Molte le manifestazioni in Pakistan
contro i talebani, l’ultima ieri sera a Lahore, nella parte orientale del Paese, dove
sono stati intonati slogan contro i terroristi. Unanime la condanna della comunità
internazionale, il segretario generale dell’Onu, Ban Ki-moon, si è detto “indignato”.
Dura
anche la posizione espressa dall’Unicef che chiede tutele per tutti i bambini. Ne
abbiamo parlato con Andrea Iacomini portavoce di Unicef Italia:
R. – L’Unicef
condanna fermamente l’attentato a Malala, abbiamo esortato tutte le parti affinché
si rispettino i diritti di tutti i bambini. Proprio nel mese di dicembre 2011 – e
mi preme ricordarlo – Malala è stata premiata dal governo pachistano con il Premio
nazionale per la pace. E una bambina coraggiosa, una bambina che apre un blog in cui
parla di diritti, anche quello all’istruzione. Non dimentichiamo che in Pakistan ci
sono 20 milioni di bambini che sono fuori dal sistema scolastico e anche con l’istruzione
e con la conoscenza si sconfiggono piaghe come quelle che portano a questi atti orribili.
D. – Oggi la prima Giornata internazionale delle bambine e delle ragazze,
indetta dall’Onu…
R. – Questa Giornata internazionale delle bambine e delle
ragazze l’abbiamo dedicata proprio ai matrimoni precoci, di cui si hanno dati piuttosto
sconcertanti: in Pakistan abbiamo 70 milioni di giovani donne, tra i 20 e i 24 anni,
quindi una su tre, che si sono sposate prima dei 18 anni; 23 milioni di queste addirittura
prima di aver compiuto i 15. A livello mondiale ci sono 400 milioni di donne, di età
compresa tra i 20 e i 49 anni, quindi oltre il 40 per cento del totale, si sono sposate
bambine. Non dimentichiamo poi che questi matrimoni precoci – per riagganciarci al
discorso di Malala e dell’istruzione – spesso portano proprio alla fine dell’istruzione
per le ragazze.

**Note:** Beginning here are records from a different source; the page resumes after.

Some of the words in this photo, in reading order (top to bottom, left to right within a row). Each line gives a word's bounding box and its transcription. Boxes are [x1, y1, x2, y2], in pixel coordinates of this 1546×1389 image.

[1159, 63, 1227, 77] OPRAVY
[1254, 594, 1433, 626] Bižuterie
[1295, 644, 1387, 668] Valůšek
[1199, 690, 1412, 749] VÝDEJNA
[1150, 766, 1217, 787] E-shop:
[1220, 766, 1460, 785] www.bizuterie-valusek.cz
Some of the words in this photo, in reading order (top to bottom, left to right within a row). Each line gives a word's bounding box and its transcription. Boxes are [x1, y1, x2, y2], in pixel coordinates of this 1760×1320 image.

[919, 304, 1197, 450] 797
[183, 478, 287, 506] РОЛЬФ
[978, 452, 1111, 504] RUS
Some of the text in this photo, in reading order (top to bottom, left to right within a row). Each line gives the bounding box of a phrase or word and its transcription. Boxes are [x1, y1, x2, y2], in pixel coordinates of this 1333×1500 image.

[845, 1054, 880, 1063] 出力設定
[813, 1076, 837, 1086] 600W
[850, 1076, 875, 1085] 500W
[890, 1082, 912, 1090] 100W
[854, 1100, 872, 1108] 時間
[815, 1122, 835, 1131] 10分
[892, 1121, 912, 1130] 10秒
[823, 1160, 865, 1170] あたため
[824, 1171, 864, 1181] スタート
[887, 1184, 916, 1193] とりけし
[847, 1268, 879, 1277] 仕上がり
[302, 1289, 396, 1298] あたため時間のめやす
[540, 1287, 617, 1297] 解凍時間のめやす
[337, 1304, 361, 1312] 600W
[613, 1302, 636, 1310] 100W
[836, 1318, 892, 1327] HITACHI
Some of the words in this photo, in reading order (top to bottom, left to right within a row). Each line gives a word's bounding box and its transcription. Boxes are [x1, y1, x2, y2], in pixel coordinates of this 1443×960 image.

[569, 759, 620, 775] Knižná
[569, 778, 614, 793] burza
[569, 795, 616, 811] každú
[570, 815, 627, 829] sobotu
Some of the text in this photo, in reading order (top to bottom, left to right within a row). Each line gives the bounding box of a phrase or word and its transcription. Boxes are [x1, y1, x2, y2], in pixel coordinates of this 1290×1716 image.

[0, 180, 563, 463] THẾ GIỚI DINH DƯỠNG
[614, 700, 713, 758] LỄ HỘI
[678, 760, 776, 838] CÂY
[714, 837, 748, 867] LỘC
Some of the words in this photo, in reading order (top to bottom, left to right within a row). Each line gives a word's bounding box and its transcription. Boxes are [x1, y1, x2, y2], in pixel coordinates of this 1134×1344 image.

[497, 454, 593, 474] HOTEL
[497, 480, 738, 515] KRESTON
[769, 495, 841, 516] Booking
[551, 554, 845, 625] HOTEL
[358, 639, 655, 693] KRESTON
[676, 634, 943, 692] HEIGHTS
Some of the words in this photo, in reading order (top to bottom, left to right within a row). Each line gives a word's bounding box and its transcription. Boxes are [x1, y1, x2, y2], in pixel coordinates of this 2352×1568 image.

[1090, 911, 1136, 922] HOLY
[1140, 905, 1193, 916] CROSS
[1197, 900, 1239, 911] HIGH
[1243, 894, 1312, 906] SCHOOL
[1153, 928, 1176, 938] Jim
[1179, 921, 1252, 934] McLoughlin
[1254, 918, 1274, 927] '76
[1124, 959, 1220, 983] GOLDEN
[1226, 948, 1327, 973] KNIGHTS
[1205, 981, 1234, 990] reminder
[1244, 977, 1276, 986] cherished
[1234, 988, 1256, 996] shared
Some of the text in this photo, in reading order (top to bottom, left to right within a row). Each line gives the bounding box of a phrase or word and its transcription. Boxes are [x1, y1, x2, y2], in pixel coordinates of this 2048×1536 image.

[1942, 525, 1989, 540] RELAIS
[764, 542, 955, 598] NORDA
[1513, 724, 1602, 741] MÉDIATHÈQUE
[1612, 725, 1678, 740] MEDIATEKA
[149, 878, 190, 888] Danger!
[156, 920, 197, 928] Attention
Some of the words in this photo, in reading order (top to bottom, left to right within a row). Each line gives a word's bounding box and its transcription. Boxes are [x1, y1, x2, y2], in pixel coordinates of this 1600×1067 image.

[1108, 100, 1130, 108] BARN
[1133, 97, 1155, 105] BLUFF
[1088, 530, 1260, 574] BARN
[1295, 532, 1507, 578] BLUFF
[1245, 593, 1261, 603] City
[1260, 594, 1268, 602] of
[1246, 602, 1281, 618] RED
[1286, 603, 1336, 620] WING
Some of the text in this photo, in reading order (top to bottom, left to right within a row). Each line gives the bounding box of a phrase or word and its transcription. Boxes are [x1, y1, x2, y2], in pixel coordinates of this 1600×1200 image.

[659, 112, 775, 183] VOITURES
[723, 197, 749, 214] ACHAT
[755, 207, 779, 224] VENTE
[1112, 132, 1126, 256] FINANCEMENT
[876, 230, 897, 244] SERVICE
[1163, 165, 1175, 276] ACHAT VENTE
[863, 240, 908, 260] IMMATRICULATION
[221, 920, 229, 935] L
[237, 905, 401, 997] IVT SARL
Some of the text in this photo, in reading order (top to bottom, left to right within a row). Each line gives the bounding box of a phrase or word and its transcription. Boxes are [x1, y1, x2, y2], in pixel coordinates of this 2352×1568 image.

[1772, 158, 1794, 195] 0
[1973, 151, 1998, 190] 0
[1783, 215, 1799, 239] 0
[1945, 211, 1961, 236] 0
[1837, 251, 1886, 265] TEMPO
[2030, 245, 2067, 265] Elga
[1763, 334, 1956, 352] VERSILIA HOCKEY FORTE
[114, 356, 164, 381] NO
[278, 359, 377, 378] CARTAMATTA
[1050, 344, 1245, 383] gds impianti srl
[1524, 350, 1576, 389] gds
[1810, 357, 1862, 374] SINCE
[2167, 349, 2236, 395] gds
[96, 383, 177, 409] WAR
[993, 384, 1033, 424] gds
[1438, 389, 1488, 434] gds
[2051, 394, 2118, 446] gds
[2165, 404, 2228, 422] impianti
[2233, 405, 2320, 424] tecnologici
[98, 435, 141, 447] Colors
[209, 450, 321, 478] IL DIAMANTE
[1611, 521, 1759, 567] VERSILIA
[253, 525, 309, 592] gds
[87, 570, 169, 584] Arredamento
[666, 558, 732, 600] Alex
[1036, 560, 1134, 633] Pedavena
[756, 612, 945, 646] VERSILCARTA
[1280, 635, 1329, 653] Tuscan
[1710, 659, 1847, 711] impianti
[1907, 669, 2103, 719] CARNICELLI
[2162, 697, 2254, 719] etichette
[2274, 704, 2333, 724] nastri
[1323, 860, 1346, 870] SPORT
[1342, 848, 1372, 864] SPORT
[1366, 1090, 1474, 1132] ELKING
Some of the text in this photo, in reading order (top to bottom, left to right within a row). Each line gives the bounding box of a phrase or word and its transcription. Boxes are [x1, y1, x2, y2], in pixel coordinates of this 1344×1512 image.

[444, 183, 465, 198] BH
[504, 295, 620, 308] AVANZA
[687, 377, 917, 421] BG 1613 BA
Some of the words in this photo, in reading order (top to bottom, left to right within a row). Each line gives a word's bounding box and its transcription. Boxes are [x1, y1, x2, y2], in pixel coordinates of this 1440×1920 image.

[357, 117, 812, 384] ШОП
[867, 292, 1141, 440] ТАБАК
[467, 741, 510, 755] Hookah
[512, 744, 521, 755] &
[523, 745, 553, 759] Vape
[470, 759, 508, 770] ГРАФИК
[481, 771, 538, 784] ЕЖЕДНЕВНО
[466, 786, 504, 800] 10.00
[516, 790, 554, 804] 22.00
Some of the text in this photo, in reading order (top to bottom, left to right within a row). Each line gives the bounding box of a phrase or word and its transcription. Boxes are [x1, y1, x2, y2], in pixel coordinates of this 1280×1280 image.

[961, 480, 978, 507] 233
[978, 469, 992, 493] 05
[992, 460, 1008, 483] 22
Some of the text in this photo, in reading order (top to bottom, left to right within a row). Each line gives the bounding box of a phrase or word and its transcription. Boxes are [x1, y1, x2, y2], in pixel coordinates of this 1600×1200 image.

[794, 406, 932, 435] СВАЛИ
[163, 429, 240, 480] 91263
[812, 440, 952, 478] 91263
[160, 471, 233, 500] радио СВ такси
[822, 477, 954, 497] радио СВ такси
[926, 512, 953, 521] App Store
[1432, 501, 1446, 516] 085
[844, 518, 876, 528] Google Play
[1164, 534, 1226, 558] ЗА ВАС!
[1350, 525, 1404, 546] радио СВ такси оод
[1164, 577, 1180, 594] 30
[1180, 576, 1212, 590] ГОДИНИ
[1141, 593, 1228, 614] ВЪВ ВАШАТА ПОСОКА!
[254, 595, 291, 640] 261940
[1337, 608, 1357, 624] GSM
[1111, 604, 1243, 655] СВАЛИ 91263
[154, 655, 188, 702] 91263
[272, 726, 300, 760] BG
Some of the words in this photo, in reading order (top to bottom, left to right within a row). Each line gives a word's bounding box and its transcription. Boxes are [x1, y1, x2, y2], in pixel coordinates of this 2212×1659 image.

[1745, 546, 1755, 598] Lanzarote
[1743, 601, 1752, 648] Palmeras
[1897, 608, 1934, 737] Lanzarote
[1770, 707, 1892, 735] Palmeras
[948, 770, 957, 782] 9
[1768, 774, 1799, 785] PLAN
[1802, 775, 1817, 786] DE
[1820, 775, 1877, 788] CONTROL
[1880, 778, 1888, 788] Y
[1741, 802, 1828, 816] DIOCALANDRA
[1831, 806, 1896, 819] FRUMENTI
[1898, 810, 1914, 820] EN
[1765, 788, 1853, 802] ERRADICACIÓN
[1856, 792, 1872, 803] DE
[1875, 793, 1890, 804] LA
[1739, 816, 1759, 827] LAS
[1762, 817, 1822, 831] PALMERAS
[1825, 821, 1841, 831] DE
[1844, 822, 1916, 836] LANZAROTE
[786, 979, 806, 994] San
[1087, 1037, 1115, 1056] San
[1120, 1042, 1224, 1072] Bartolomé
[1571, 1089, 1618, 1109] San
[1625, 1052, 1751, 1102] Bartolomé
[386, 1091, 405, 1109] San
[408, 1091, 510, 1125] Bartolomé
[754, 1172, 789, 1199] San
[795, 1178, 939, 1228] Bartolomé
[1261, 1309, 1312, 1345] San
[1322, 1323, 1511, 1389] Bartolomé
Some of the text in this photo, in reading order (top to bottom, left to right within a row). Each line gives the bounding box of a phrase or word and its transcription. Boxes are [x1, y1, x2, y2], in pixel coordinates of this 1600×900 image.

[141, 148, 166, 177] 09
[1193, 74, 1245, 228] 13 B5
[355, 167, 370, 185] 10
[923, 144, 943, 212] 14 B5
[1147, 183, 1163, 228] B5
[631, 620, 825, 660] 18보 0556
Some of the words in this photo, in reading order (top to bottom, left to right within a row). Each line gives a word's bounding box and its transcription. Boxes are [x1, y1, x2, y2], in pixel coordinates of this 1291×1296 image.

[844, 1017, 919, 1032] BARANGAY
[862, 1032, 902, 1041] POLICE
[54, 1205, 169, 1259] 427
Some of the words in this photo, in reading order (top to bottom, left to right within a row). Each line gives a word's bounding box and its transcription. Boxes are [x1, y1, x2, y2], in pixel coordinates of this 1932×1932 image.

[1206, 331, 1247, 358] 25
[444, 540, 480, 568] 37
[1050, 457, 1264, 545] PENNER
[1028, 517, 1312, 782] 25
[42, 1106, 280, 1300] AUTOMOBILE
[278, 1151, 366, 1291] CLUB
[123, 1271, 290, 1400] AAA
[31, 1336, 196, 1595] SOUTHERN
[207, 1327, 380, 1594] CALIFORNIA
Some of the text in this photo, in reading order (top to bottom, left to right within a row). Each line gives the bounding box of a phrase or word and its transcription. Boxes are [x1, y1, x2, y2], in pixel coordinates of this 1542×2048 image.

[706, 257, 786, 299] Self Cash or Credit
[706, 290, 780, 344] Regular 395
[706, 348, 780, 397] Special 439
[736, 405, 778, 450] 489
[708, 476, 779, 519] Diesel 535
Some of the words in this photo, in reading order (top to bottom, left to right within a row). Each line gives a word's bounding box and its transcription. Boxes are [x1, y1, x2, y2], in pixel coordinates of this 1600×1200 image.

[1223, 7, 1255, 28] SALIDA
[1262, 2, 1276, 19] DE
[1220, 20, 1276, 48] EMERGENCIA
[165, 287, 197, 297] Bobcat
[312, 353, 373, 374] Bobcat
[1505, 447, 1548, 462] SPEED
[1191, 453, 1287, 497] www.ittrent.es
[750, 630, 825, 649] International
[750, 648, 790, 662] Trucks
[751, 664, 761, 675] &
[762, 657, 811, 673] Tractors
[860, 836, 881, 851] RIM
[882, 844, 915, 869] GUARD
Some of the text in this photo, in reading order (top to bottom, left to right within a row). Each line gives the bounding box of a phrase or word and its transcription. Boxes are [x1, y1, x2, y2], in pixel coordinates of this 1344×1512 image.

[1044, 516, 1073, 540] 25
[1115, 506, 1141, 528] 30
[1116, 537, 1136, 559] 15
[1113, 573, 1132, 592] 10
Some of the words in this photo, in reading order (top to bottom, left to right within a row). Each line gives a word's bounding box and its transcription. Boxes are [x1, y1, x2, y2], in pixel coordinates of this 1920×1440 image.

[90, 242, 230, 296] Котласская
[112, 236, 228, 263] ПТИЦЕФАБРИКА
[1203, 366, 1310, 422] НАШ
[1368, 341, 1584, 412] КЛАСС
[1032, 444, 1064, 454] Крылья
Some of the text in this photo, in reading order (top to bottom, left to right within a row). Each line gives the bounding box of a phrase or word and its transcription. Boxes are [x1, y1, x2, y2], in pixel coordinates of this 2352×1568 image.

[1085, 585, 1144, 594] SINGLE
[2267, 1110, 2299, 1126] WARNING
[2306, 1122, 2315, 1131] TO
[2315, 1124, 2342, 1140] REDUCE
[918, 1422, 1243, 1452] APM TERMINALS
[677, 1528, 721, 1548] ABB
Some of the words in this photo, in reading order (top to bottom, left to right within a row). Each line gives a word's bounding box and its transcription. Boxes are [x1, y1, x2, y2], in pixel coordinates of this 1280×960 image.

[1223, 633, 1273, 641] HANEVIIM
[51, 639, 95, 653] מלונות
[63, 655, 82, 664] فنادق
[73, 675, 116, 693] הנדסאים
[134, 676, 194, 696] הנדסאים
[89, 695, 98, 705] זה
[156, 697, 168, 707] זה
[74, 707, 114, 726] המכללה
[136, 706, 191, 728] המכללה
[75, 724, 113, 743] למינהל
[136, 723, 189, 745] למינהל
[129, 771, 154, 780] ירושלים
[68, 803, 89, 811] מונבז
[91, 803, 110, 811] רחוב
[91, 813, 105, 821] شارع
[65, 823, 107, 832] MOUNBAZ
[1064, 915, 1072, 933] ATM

Nelle comunità, dove questa pratica è molto diffusa, sposare una bimba
fa parte di una serie di norme sociali ed atteggiamenti che poi, di fatto, si abbattono
sulle scelte e sui diritti umani. Inoltre le bambine tra i 10 e i 14 anni di età hanno
cinque volte più probabilità, rispetto alle donne tra i 20 e i 24 anni, di morire
durante la gravidanza e il parto.
D. – Come si fa a cambiare Paesi dove i
matrimoni combinati sono radicati profondamente nella cultura?
R. – Esperienze
in contesti come, per esempio, in Bangladesh o il Burkina Faso, ma anche in Etiopia
o in Niger, hanno dimostrato come la combinazione di misure legali e il supporto alle
comunità produce risultati positivi. La possibilità di fornire delle alternative come
la scuola, il discutere apertamente di questo problema nelle comunità tribali, il
raccontare quali sono le problematiche legate a queste decisioni porta dei cambiamenti,
produce risultati positivi. Noi ne abbiamo evidenza e quindi riteniamo che questa
sia la strada giusta da perseguire.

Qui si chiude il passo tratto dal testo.